■ **EXERCISE DIRECTIONS**: Apart from the pictures, every line below needs to be reproduced verbatim.

■ **RECORD SET**:
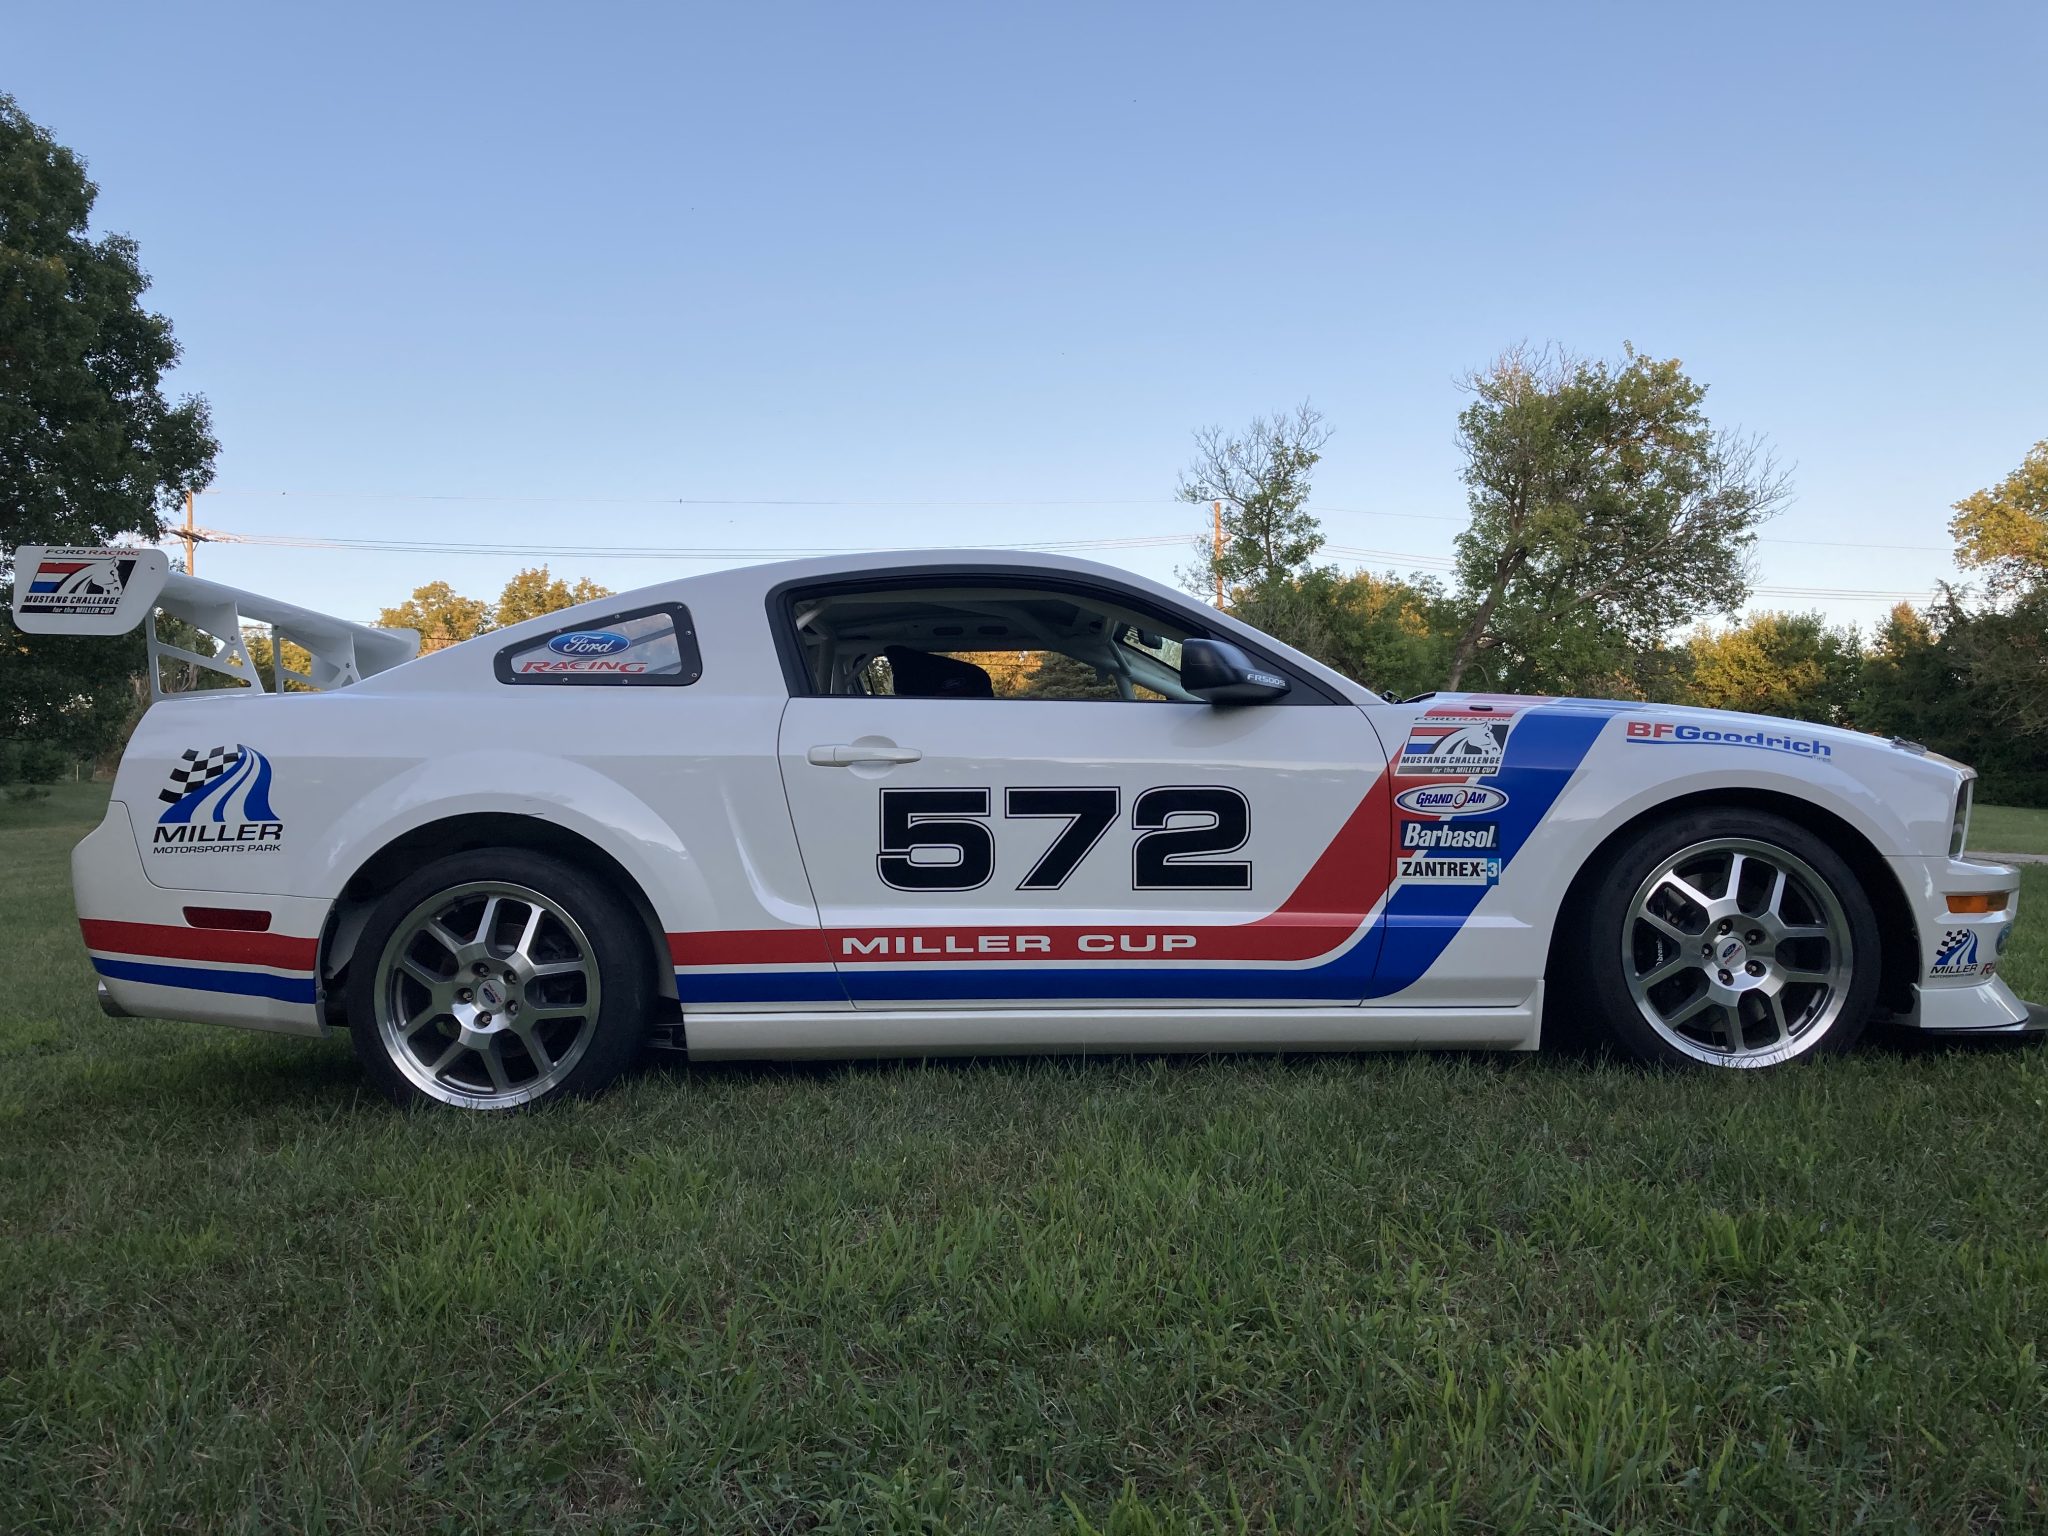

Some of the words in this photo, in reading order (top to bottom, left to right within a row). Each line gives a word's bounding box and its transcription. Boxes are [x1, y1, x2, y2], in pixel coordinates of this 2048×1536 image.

[24, 595, 69, 604] MUSTANG
[70, 596, 121, 605] CHALLENGE
[75, 606, 100, 614] MILLER
[563, 635, 616, 653] Ford
[521, 662, 648, 673] RACING
[1247, 673, 1286, 686] FR500S
[1626, 722, 1832, 756] BFGoodrich
[1401, 756, 1448, 764] MUSTANG
[1448, 756, 1501, 764] CHALLENGE
[1455, 766, 1481, 774] MILLER
[153, 824, 284, 843] MILLER
[876, 785, 1252, 892] 572
[1404, 822, 1496, 848] Barbasol
[153, 845, 245, 854] MOTORSPORTS
[247, 844, 282, 852] PARK
[842, 935, 1051, 955] MILLER
[1077, 934, 1197, 953] CUP
[1930, 964, 1978, 974] MILLER

■ **OUTPUT OF THE TASK**:
Some of the words in this photo, in reading order (top to bottom, left to right within a row). Each line gives a word's bounding box and its transcription. Boxes are [x1, y1, x2, y2], in pixel coordinates of this 2048×1536 image.

[24, 595, 69, 604] MUSTANG
[70, 596, 121, 605] CHALLENGE
[75, 606, 100, 614] MILLER
[563, 635, 616, 653] Ford
[521, 662, 648, 673] RACING
[1247, 673, 1286, 686] FR500S
[1626, 722, 1832, 756] BFGoodrich
[1401, 756, 1448, 764] MUSTANG
[1448, 756, 1501, 764] CHALLENGE
[1455, 766, 1481, 774] MILLER
[153, 824, 284, 843] MILLER
[876, 785, 1252, 892] 572
[1404, 822, 1496, 848] Barbasol
[153, 845, 245, 854] MOTORSPORTS
[247, 844, 282, 852] PARK
[842, 935, 1051, 955] MILLER
[1077, 934, 1197, 953] CUP
[1930, 964, 1978, 974] MILLER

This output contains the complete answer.